RECORDED DATA:
-- Opening Marker --
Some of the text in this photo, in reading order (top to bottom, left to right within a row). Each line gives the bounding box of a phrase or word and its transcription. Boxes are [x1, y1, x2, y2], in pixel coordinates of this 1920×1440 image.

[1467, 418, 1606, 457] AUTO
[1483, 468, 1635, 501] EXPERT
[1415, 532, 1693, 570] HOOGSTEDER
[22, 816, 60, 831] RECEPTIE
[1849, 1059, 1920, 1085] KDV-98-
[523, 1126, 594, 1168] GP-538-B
-- Closing Marker --
TASK DIRECTIONS:
Reproduce the data above in full. Leave nothing out.

WRITTEN RESPONSE:
Some of the text in this photo, in reading order (top to bottom, left to right within a row). Each line gives the bounding box of a phrase or word and its transcription. Boxes are [x1, y1, x2, y2], in pixel coordinates of this 1920×1440 image.

[1467, 418, 1606, 457] AUTO
[1483, 468, 1635, 501] EXPERT
[1415, 532, 1693, 570] HOOGSTEDER
[22, 816, 60, 831] RECEPTIE
[1849, 1059, 1920, 1085] KDV-98-
[523, 1126, 594, 1168] GP-538-B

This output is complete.